━━ Extracted entries

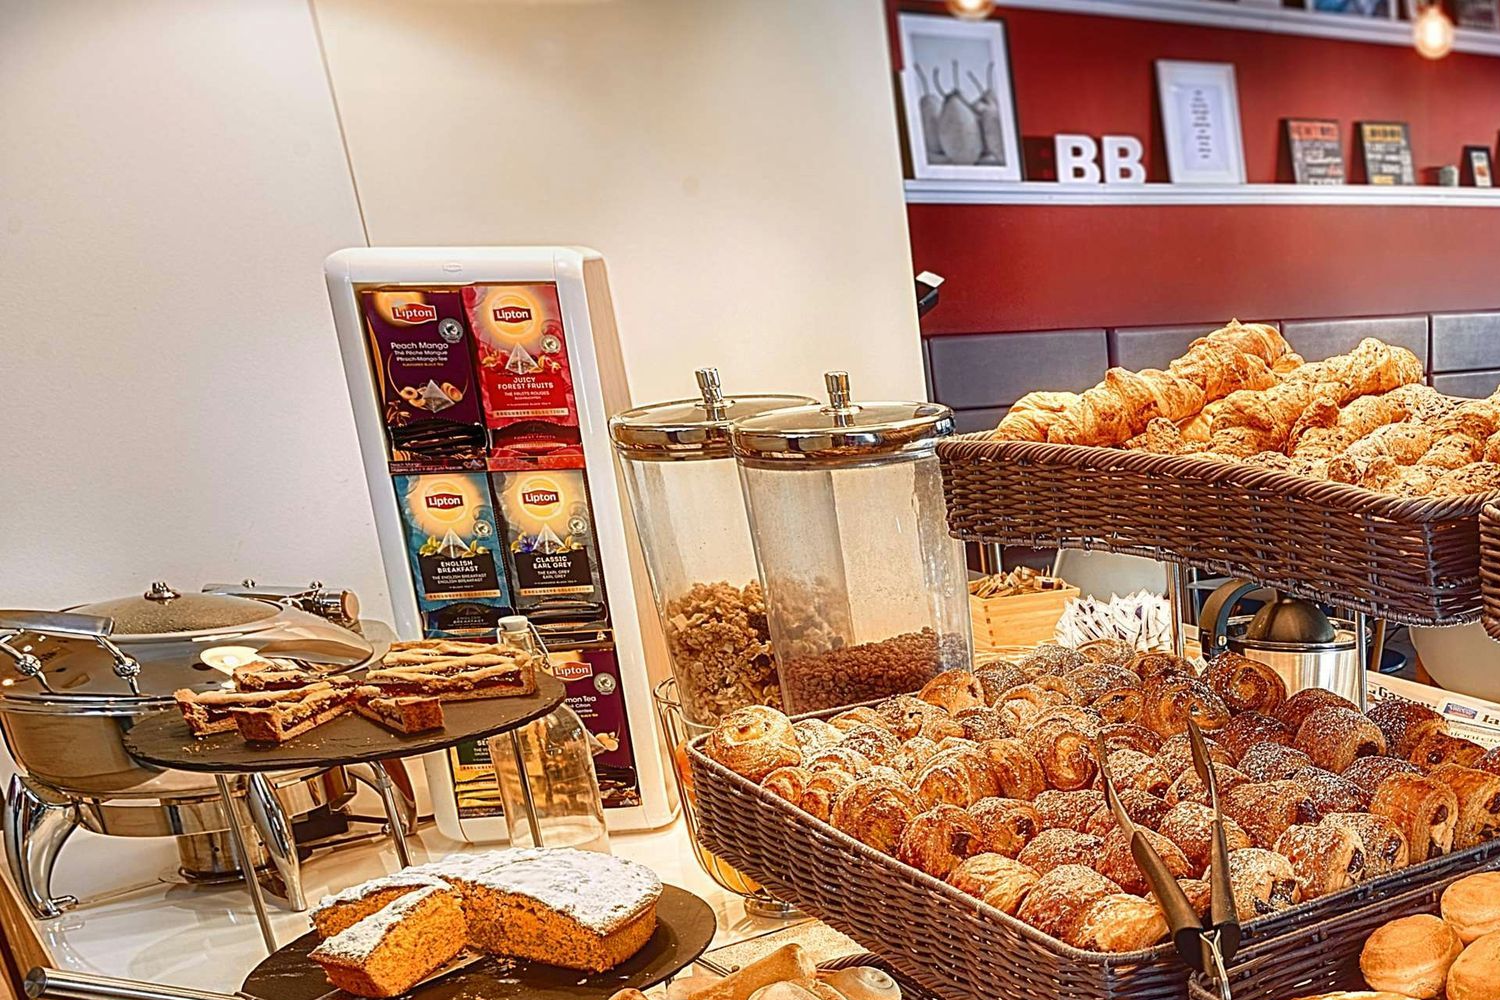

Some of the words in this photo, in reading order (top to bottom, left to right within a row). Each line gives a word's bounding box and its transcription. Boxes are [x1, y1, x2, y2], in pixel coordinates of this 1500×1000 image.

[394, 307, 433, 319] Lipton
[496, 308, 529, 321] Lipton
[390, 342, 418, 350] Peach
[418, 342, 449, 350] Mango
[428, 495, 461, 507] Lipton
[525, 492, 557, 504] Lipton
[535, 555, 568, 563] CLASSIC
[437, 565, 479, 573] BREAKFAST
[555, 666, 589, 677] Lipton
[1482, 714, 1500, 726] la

━━━━

Directions for this task.
Repeat, exactly and in full, every entry in the data, but not the pictures.

Task solution.
Some of the words in this photo, in reading order (top to bottom, left to right within a row). Each line gives a word's bounding box and its transcription. Boxes are [x1, y1, x2, y2], in pixel coordinates of this 1500×1000 image.

[394, 307, 433, 319] Lipton
[496, 308, 529, 321] Lipton
[390, 342, 418, 350] Peach
[418, 342, 449, 350] Mango
[428, 495, 461, 507] Lipton
[525, 492, 557, 504] Lipton
[535, 555, 568, 563] CLASSIC
[437, 565, 479, 573] BREAKFAST
[555, 666, 589, 677] Lipton
[1482, 714, 1500, 726] la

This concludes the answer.